Records from a data collection
§

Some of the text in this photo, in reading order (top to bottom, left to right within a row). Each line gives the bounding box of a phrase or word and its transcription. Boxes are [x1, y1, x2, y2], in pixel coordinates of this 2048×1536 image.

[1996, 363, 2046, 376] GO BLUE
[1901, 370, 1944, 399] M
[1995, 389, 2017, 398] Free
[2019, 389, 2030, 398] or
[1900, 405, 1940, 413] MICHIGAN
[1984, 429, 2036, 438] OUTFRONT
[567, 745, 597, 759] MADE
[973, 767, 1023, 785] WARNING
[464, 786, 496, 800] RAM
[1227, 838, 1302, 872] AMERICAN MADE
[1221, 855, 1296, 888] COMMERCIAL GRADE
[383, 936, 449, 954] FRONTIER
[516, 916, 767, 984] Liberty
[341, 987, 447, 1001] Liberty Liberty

§

WORK TO COMPLETE
Above are some records; repeat all of them exactly.

TASK SOLUTION
Some of the text in this photo, in reading order (top to bottom, left to right within a row). Each line gives the bounding box of a phrase or word and its transcription. Boxes are [x1, y1, x2, y2], in pixel coordinates of this 2048×1536 image.

[1996, 363, 2046, 376] GO BLUE
[1901, 370, 1944, 399] M
[1995, 389, 2017, 398] Free
[2019, 389, 2030, 398] or
[1900, 405, 1940, 413] MICHIGAN
[1984, 429, 2036, 438] OUTFRONT
[567, 745, 597, 759] MADE
[973, 767, 1023, 785] WARNING
[464, 786, 496, 800] RAM
[1227, 838, 1302, 872] AMERICAN MADE
[1221, 855, 1296, 888] COMMERCIAL GRADE
[383, 936, 449, 954] FRONTIER
[516, 916, 767, 984] Liberty
[341, 987, 447, 1001] Liberty Liberty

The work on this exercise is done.